Citation714 N.E.2d 1047,306 Ill. App.3d 504,239 Ill.Dec. 750
PartiesWilliam DeWOSKIN, Plaintiff-Appellant, v. LOEW'S CHICAGO CINEMA, INC., d/b/a Sony Theaters, a corporation; County of Cook; and Barbara Bruno, Director of Revenue of the County of Cook, and Edward J. Rosewell, Treasurer of the County of Cook, solely in their official capacities, Defendants-Appellees.
CourtUnited States Appellate Court of Illinois

Miller Faucher Cafferty & Wexler, Chicago (Melvin A. Miller, Dom J. Rizzi & Lee J. Schwartz, for counsel), for Appellant.

Richard A. Devine, State's Attorney, Chicago (Patricia A. Shymanski, Thomas M. Burnham, Sanjay Tailor & Paul A. Castiglione, of counsel), for Appellees.

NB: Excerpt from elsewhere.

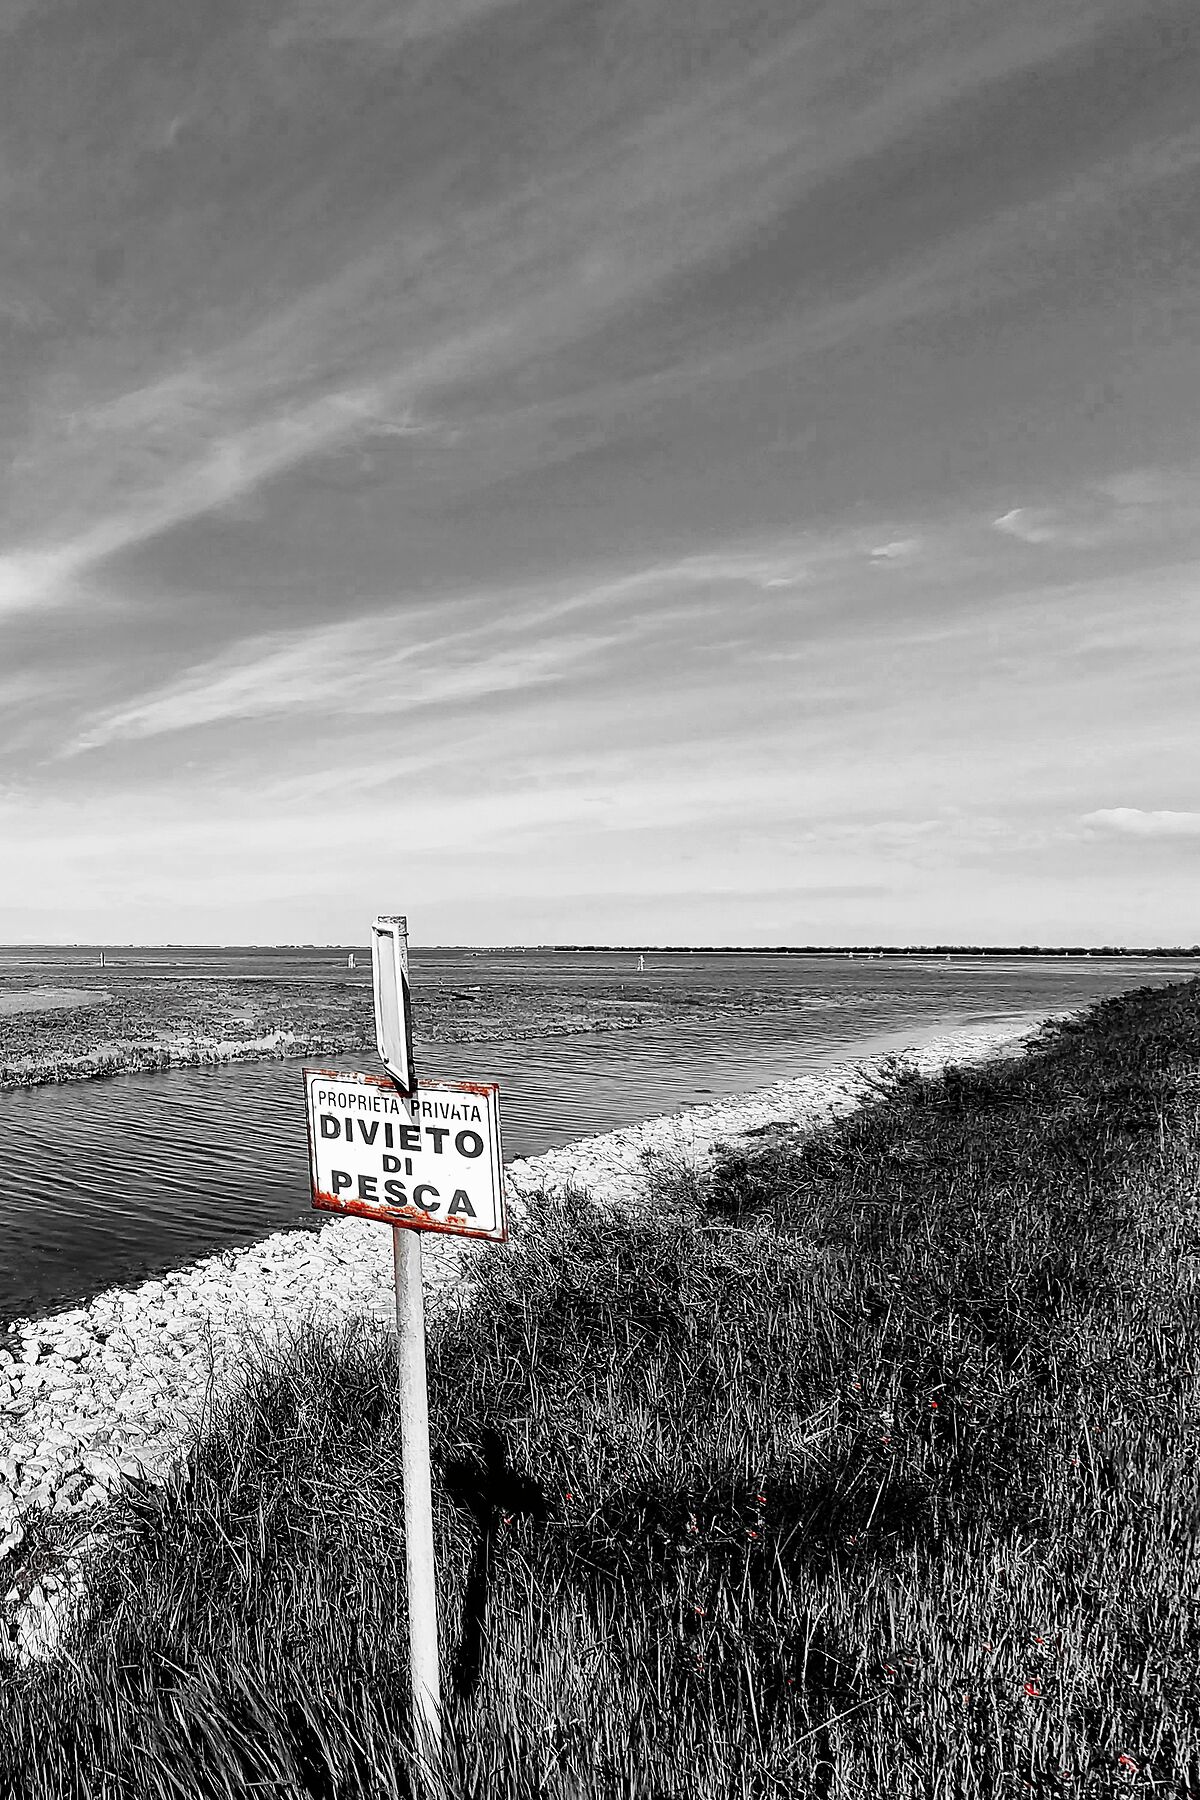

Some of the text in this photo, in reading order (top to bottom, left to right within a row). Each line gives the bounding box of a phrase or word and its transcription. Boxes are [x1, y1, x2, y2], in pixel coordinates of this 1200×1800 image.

Justice HOFFMAN delivered the opinion of the court:

The plaintiff, William DeWoskin, filed the instant class action suit seeking, inter alia, a declaration that the Cook County Amusement Tax Ordinance, as originally enacted and as later amended, is unconstitutional and an injunction prohibiting the County of Cook (County) from collecting the tax imposed thereunder. By orders entered May 23, 1997, and May 8, 1998, the circuit court denied the plaintiff all requested relief and dismissed the action. The plaintiff has appealed, and for the reasons which follow, we affirm in part and reverse in part.

On November 22, 1996, the Cook County Board of Commissioners approved and adopted the Cook County Amusement Tax Ordinance and, thereafter, amended it on March 18, 1997 (the amended ordinance will hereafter be referred as the Ordinance). The Ordinance imposes a tax upon "patrons of any amusement which takes place within the County, in an amount equal to 3% of the admission fees or other charges paid for the privilege to enter, to witness, or to view such amusement". It defines an "amusement" as:

"any exhibition, performance, presentation or show for entertainment purposes, including, but not limited to, any theatrical, dramatic, musical or spectacular performance, promotional show, motion picture show, flower, poultry or animal show, animal act, circus, rodeo, athletic contest, sport, game or similar exhibition, such as boxing, wrestling, skating, dancing, swimming, riding on animals or vehicles, baseball, basketball, softball, soccer, football, tennis, golf, hockey, track and field games, bowling, or billiard and pool games."

The Ordinance specifically provides that "amusement" shall not mean:

"any recreational activity offered for public participation or on a membership or other basis, including, but not limited to, carnivals, amusement park rides and games, bowling, billiards and pool games, dancing, tennis, golf, racquetball, swimming, weightlifting, body building or similar activities * * * [,] raffles, as defined in the Illinois Compiled Statutes, ch. 230, sec. 15/1, as now or hereafter amended, inter-track wagering facilities, as defined in the Illinois Compiled Statutes, ch. 230, sec. 5/3, as now or hereafter amended, or automatic amusement devices."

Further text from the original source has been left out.